Les bases de la réglementation des activités nucléaires
Le référentiel international pour la radioprotection
Le cadre juridique propre à la radioprotection trouve sa source dans des normes, standards ou recommandations établis par différents organismes internationaux. Peuvent être citées, en particulier :
- la Commission internationale de protection radiologique (CIPR), organisation non gouvernementale composée d’experts internationaux de diverses disciplines, qui publie des recommandations sur la protection des travailleurs, de la population et des patients contre les rayonnements ionisants, en s’appuyant sur l’analyse des connaissances scientifiques et techniques disponibles et notamment celles publiées par le Comité scientifique des Nations unies pour l’étude des effets des rayonnements ionisants (UNSCEAR, United Nations Scientific Committee on the Effects of Atomic Radiation).

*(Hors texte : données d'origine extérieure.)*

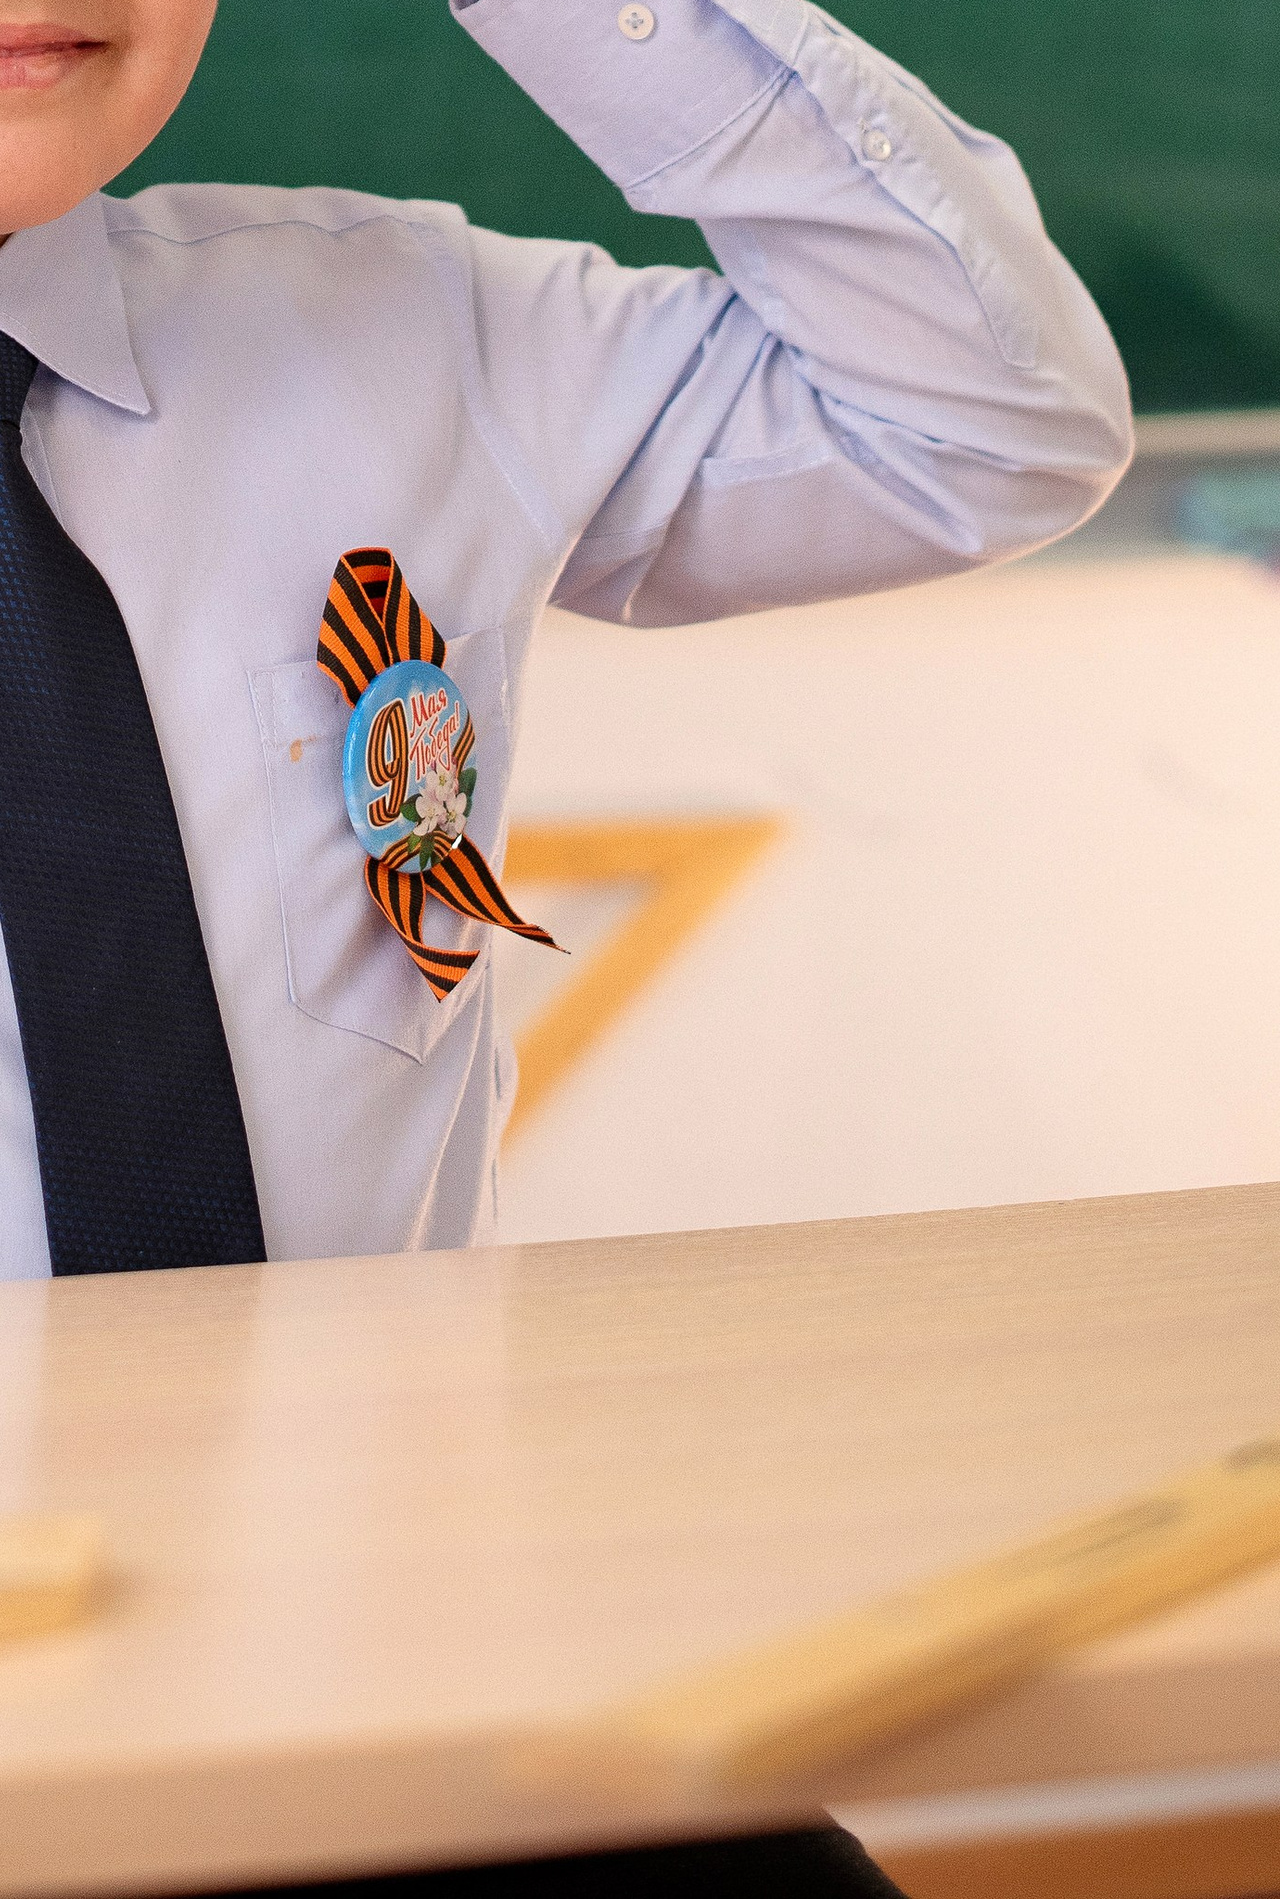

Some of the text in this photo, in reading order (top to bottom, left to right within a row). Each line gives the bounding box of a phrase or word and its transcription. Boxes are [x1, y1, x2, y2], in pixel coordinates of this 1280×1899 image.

[367, 689, 447, 828] 9 Мая
[409, 702, 460, 781] Победа!
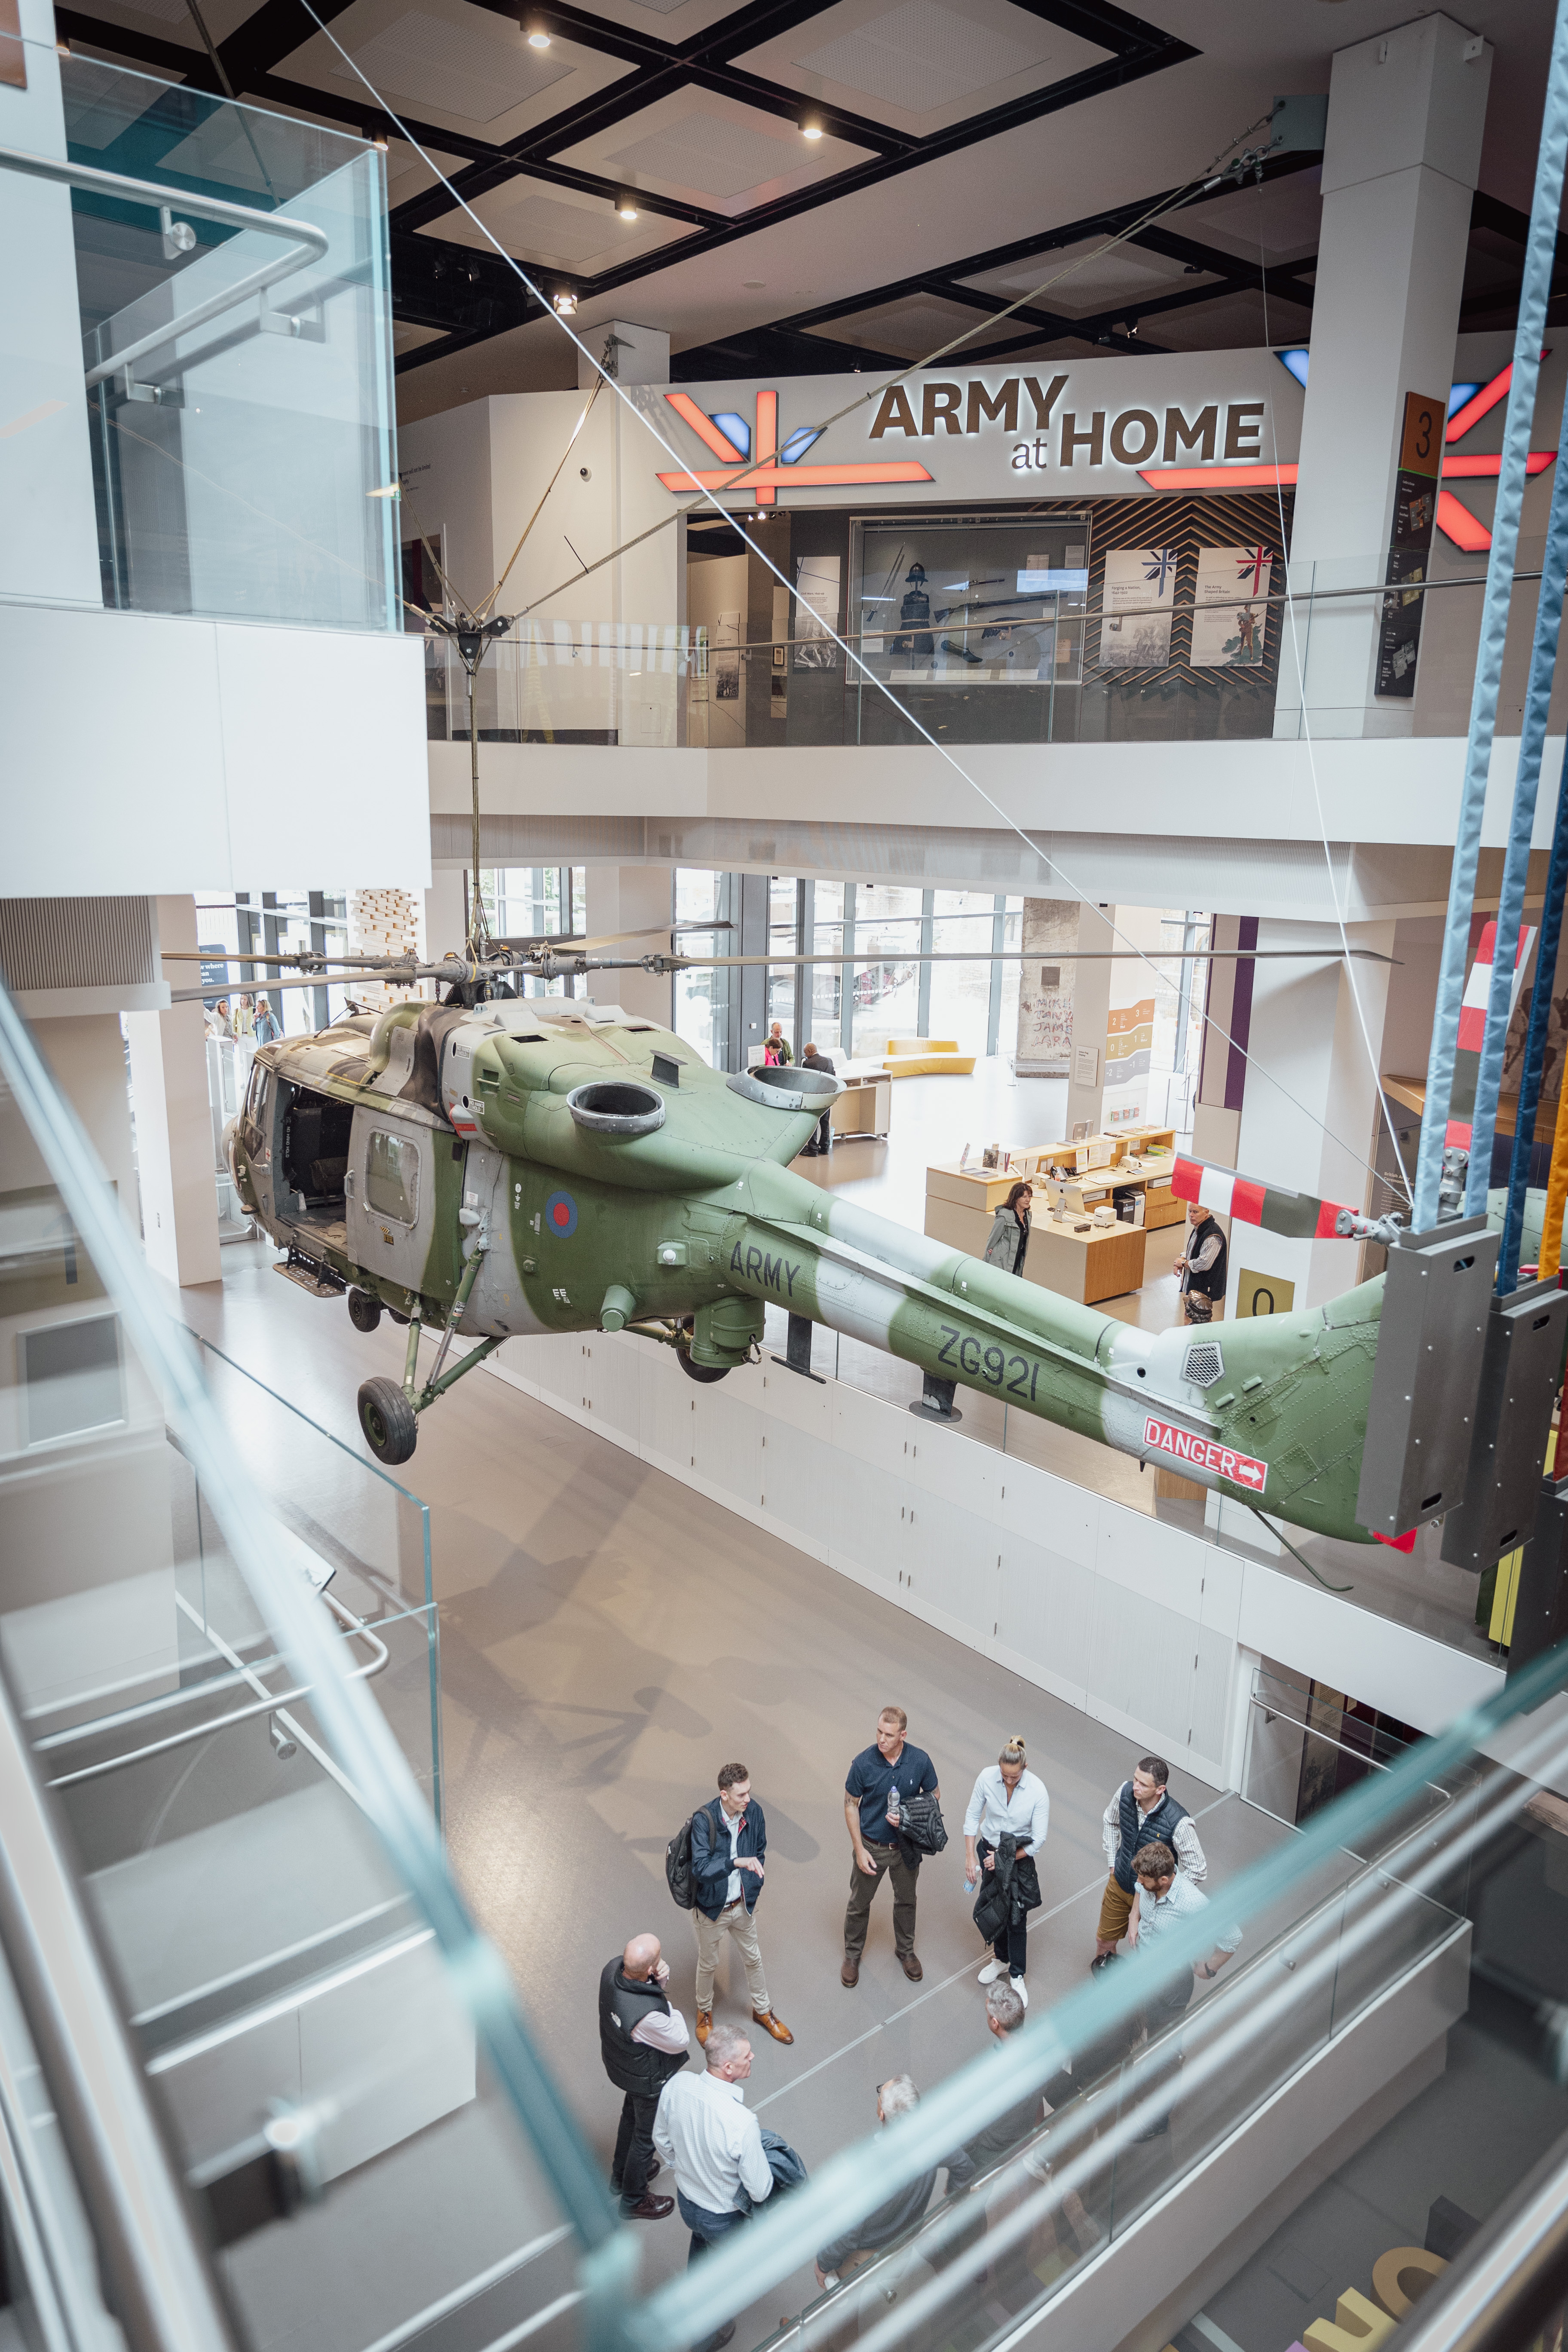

Les dernières recommandations générales de la CIPR ont été publiées en 2007 dans sa publication n° 103 ;
- l’Agence internationale de l’énergie atomique (AIEA), qui publie et révise régulièrement des « standards » dans les domaines de la sûreté nucléaire et de la radioprotection. Les exigences de base en matière de protection contre les rayonnements ionisants et de sûreté des sources de rayonnements, fondées sur les dernières recommandations de la CIPR (publication 103) ont été publiées en juillet 2014 ;
- l’Organisation internationale de normalisation (ISO, International Standard Organisation) qui publie des normes techniques internationales présentant un caractère de référence dans le domaine de la radioprotection ;à l’échelle européenne, le Traité Euratom, plus particulièrement les articles 30 à 33, définit les modalités d’élaboration des dispositions communautaires relatives à la protection contre les rayonnements ionisants et précise les pouvoirs et obligations de la Commission européenne en ce qui concerne leurs modalités d’application. Les directives Euratom correspondantes s’imposent, après transposition dans le droit national, aux différents pays. La directive 2013/59/Euratom du Conseil du 5 décembre 2013 fixant les normes de base relatives à la protection sanitaire contre les dangers résultant de l’exposition aux rayonnements ionisants et publiée au Journal officiel de l’Union européenne (JOUE) le 17 janvier 2014, est le fondement de la réglementation française en matière de radioprotection tant pour ce qui concerne la protection du public, que la protection des travailleurs et des personnes exposées dans un cadre médical.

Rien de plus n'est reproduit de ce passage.